The heart of Rollins argument is that the idea of Christian religious belief has been co-opted by academics, a way of fixing the problem of Christian theology not by adding additional research and discovery. Far from being an anti-intellectual stance, Rollins paves a third way by requiring that the truth of Christianity rests not in orthodoxy but in orthopraxy, the right living of Christian belief. One's actions cannot be separated from one's beliefs.
This reasoning brings up the dilemma of doubt, and how that figures into a system that rests beyond the regular definition of belief as right doctrine. Rollins argues that doubt is an after-effect of an event, and that belief and doubt are formed after an initial event (142). Far more important than belief or doubt, Rollins argues, is "a happening, an event, that we affirm and respond to, regardless of the ebbs and flows of our abstract theological reflections concerning the source and nature of this happening." This argument flips the Cartesian understanding of self-reasoning on its head, as the event that is outside of us is the determining factor, not ourselves, in our lives. The story of Jesus healing the blind man is used as an example of this. When questioned by the Pharisees if Jesus is a sinner, the blind man replies: "I don't know. One thing I do know, I was blind but now I see" (141). There will be doubts and triumphant surges of belief during our lives, but the one thing we cannot doubt is what has happened to us.
Key also to this argument is the deconstruction of the walls that people build to differentiate their faith and how it is put into action within the world. For Rollins, the source of our faith cannot become abstracted, because once it is abstracted (believed or doubted) then we can begin to act in ways that are contrary to our belief. He writes:
"One of the results of thinking about the truth affirmed by Christianity as comprised of facts that can be externalized and reflected upon (i.e., as made up of substantive claims concerning God, the world, the ministry and person of Christ, and the status of the Bible) is that it introduces a distance between a person and that person's faith....In this way a distinction is set up between the subject (the one who thinks) and the object (that which is being thought). (90)
The goal of a Christianity beyond belief is one that ties the subject and object together: the thinker and the thought become unified in life. Rollins explains this deconstruction of the Cartesian mode of viewing religion in a short philosophical journey through the thinking of Descartes, Hobbes, Pascal, and Nietzsche, culmunating in his claim that
"the truth affirmed by Christianity is not merely similar to the notion of life, in the sense that it is undergone rather than experienced, but rather it is that which claims to bring us life. Just as God is presented as speaking life into the formless void in Genesis, so the truth affirmed by Christianity is that which breathes life into the darkness and desolation of our own lives" (116).
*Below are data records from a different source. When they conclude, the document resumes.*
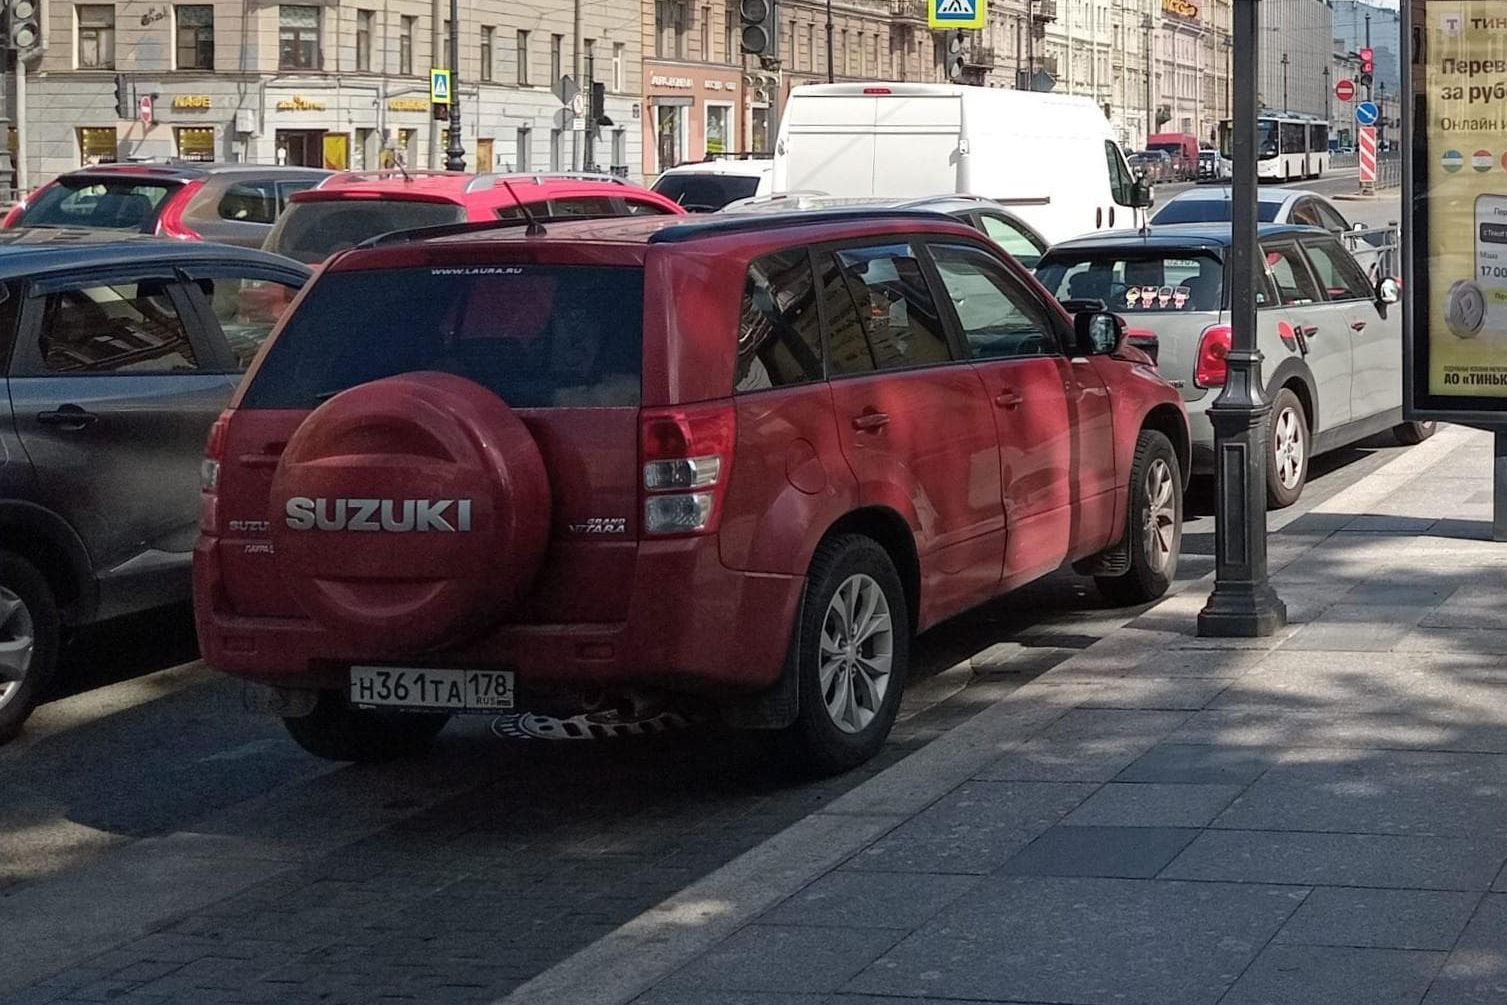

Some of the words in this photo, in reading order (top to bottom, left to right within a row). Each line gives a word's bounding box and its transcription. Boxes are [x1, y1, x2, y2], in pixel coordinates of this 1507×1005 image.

[1441, 86, 1463, 100] за
[1441, 116, 1497, 130] Онлайн
[1481, 265, 1492, 276] 17
[1444, 373, 1460, 385] АО
[285, 498, 472, 533] SUZUKI
[586, 517, 626, 525] GRAND
[229, 520, 270, 531] SUZU
[359, 671, 462, 703] Н361ТА
[468, 673, 507, 696] 178
[476, 698, 496, 706] RUS
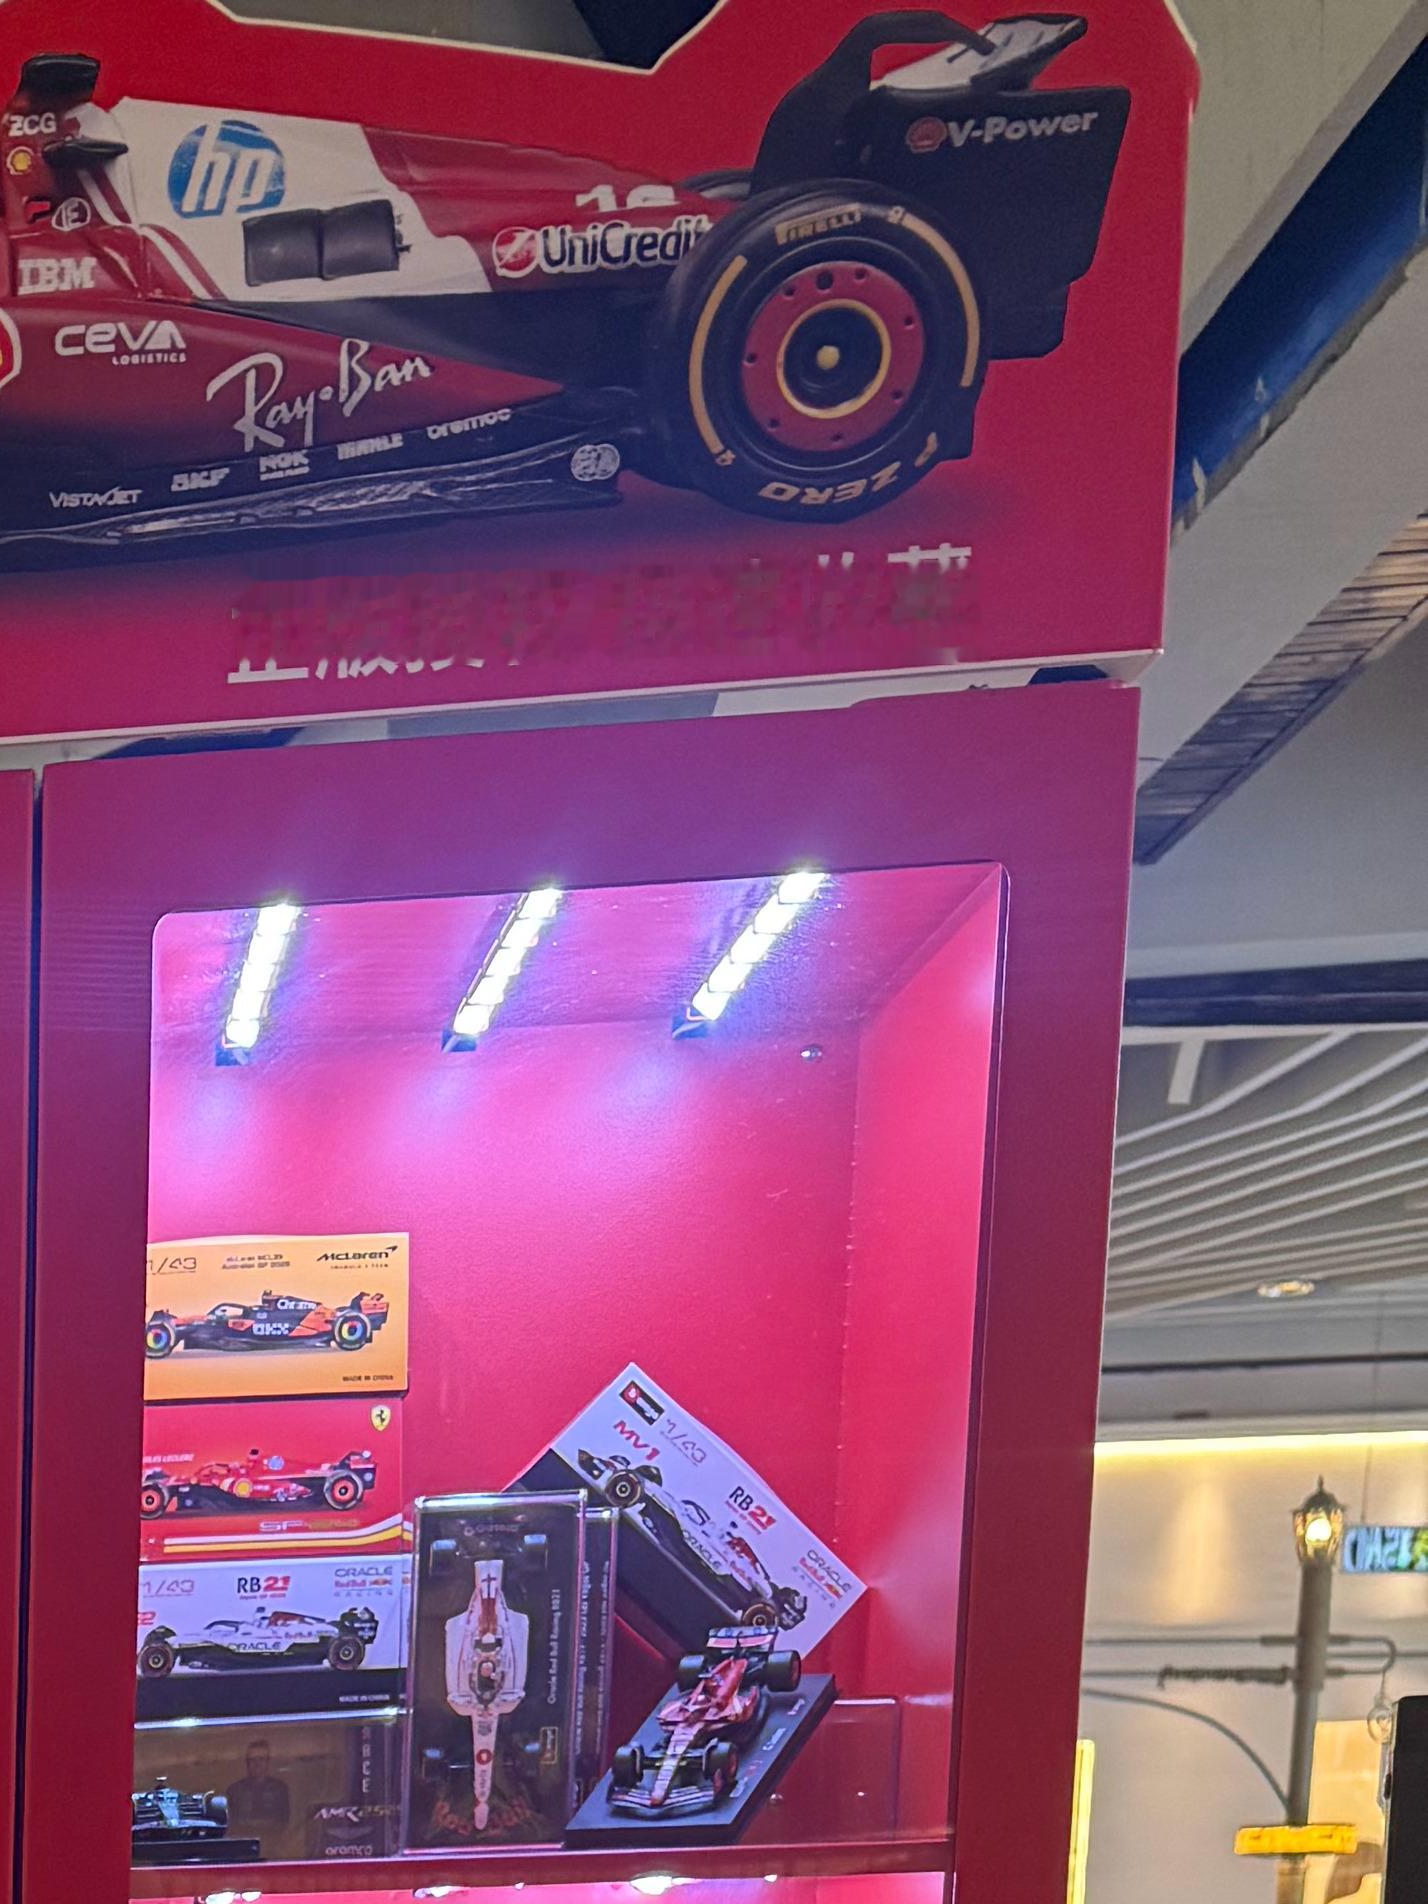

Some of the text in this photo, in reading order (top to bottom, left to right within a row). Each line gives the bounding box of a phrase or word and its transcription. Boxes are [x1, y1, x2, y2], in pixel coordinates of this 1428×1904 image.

[946, 108, 1099, 149] V-Power
[174, 119, 282, 218] hp
[18, 257, 98, 292] IBM
[316, 1252, 389, 1261] McLaren
[728, 1485, 777, 1531] RB21
[236, 1575, 291, 1593] RB21
[334, 1567, 393, 1577] ORACLE
[806, 1548, 853, 1593] ORACLE
[227, 1642, 281, 1652] ORACLE
Thus, the first faithful betrayal we are called to are the reach of both anti-intellectuals and academics who try to influence and manipulate the right understanding of the Bible and accept the fact that "in order to accept the Bible we need to reject any interpretation as final, being ready to engage in an ongoing, open-ended dialogue and discussion with it" (125). We have been taught to think that this is incorrect and intellectually dishonest, but in fact this betrayal is one of humility and openness to the foundation of theology since Christianity's inception (and what Rollins calls the second faithful betrayal): our God is greater than any theological interpretation or understanding, therefore "we must learn that in order to approach the God of faith and truth affirmed by Christianity, we must betray the God we grasp---for the God who brings us into a new life is never the God we grasp but always in excess of that God" (125).
In all frankness, what Rollins calls us into is a humbling of ourselves and an acceptance of the tangled web of belief and doubt in this world, while at the same time exhorting us to hold fast to the God who lives, and moves, and has being within our lives.